Input data →
════════
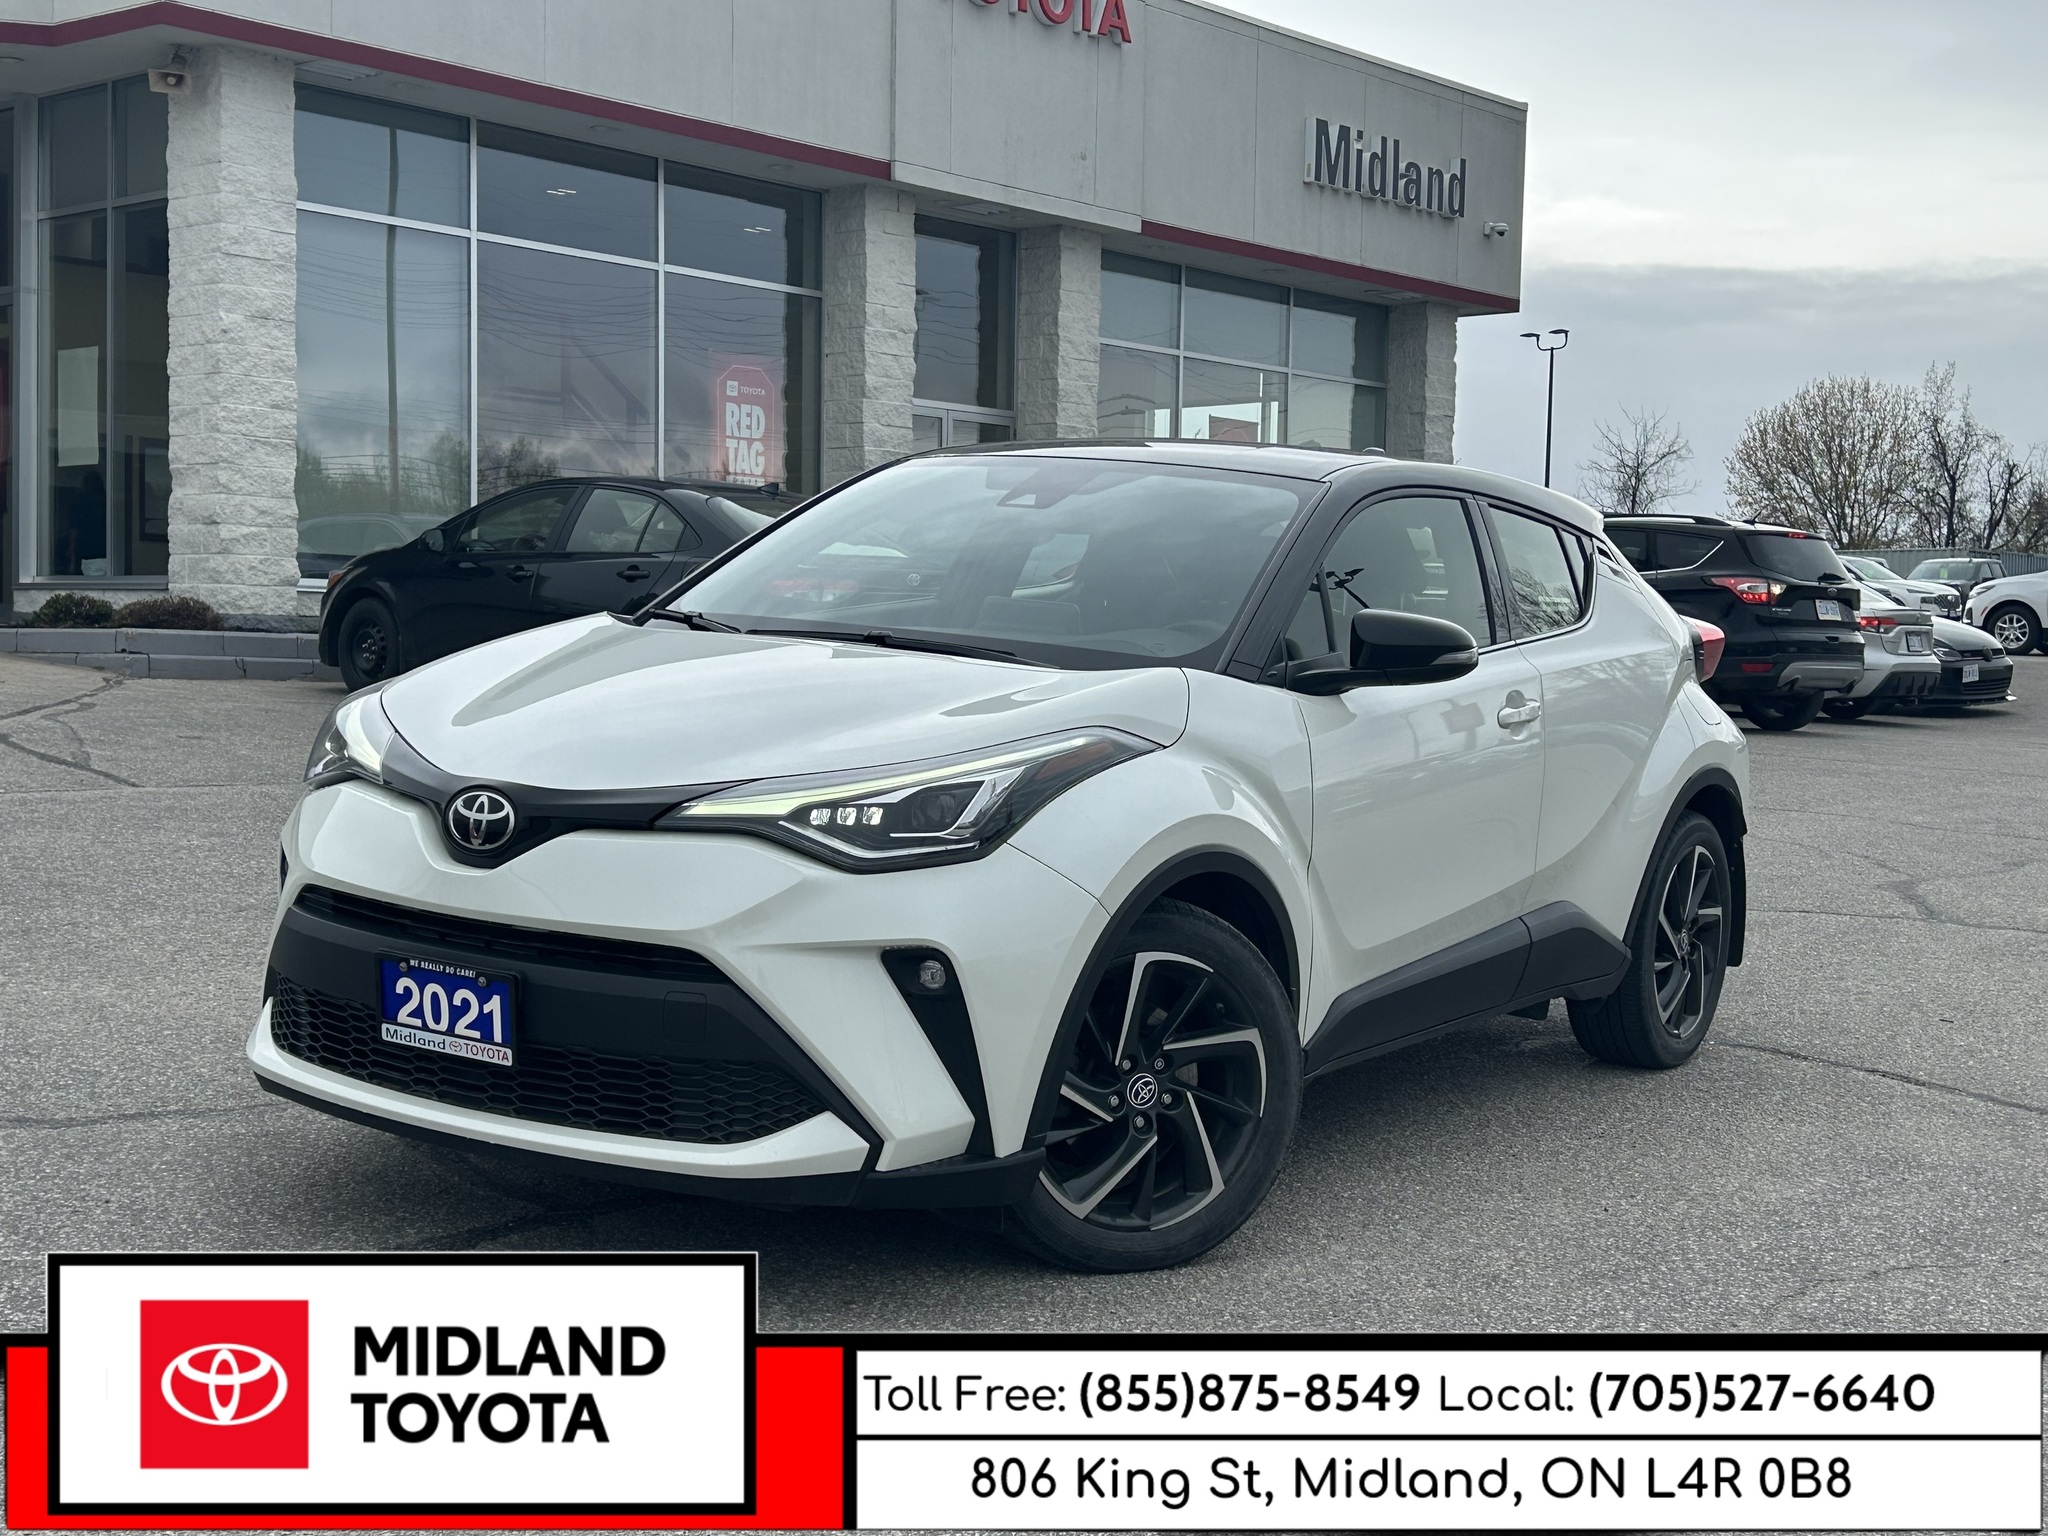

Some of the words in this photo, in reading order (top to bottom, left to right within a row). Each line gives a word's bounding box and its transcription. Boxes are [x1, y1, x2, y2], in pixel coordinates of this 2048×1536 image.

[1311, 118, 1467, 218] Midland
[740, 386, 766, 396] TOYOTA
[725, 402, 766, 439] RED
[725, 438, 766, 475] TAG
[409, 959, 419, 967] WE
[420, 961, 444, 972] REALLY
[445, 966, 455, 974] DO
[456, 968, 476, 978] CARE!
[395, 976, 503, 1044] 2021
[385, 1027, 446, 1050] Midland
[463, 1042, 510, 1063] TOYOTA
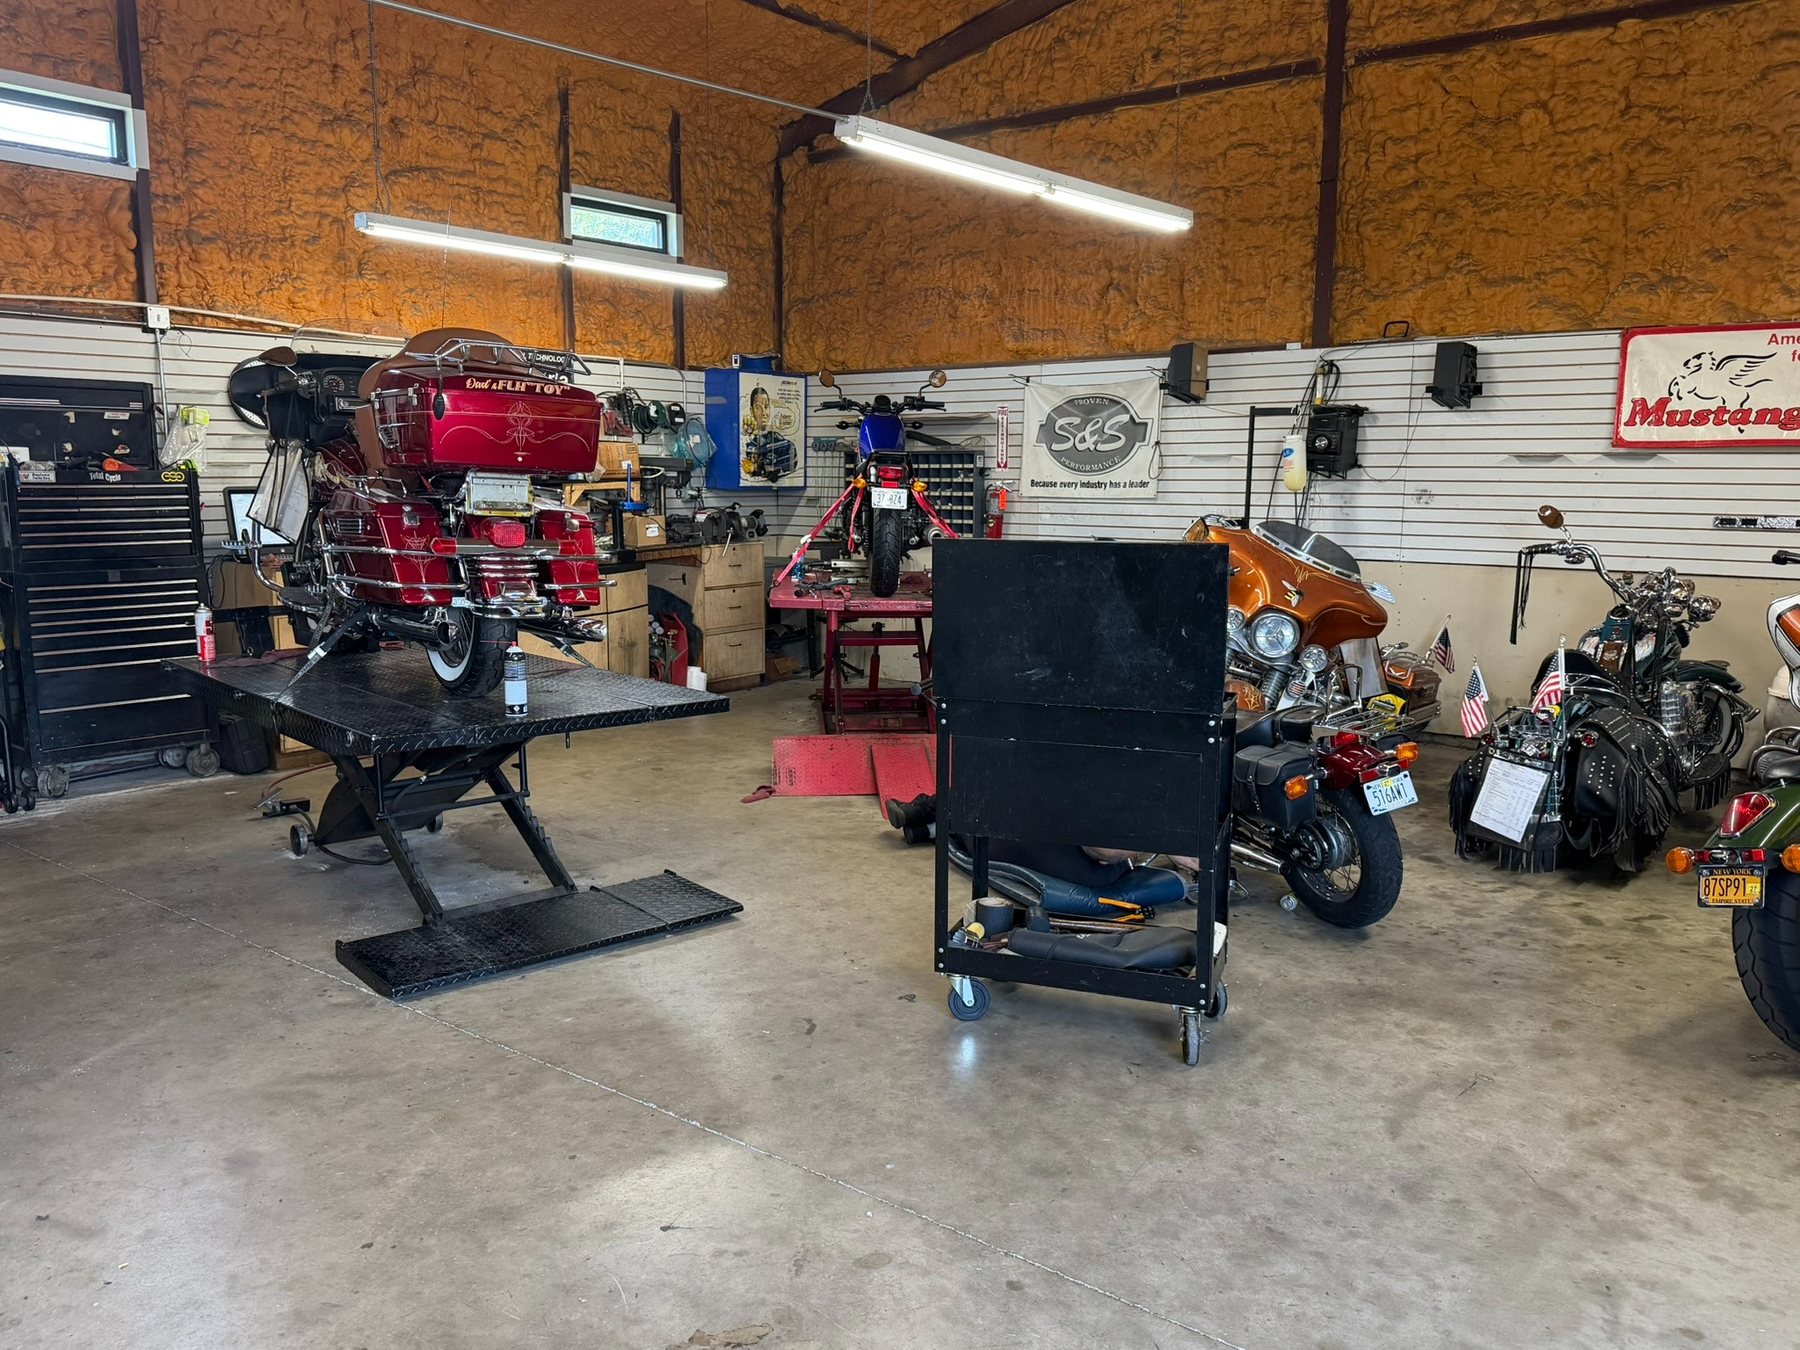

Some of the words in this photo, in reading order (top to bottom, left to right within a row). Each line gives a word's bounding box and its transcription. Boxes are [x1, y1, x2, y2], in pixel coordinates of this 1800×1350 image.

[1073, 397, 1110, 406] PROVEN
[1624, 396, 1800, 431] Mustang
[1050, 413, 1132, 452] S&S
[1060, 455, 1122, 472] PERFORMANCE
[1030, 479, 1058, 488] Because
[1059, 481, 1079, 490] every
[1080, 480, 1108, 491] industry
[1109, 480, 1121, 489] has
[1128, 480, 1150, 489] leader
[1703, 877, 1747, 897] 87SP91
════════
Task to carry out →
All lines from the one containing "this 1800×1350 image." through the end of the material should be restated exactly, with both end lines kept.

Task solution →
Some of the words in this photo, in reading order (top to bottom, left to right within a row). Each line gives a word's bounding box and its transcription. Boxes are [x1, y1, x2, y2], in pixel coordinates of this 1800×1350 image.

[1073, 397, 1110, 406] PROVEN
[1624, 396, 1800, 431] Mustang
[1050, 413, 1132, 452] S&S
[1060, 455, 1122, 472] PERFORMANCE
[1030, 479, 1058, 488] Because
[1059, 481, 1079, 490] every
[1080, 480, 1108, 491] industry
[1109, 480, 1121, 489] has
[1128, 480, 1150, 489] leader
[1703, 877, 1747, 897] 87SP91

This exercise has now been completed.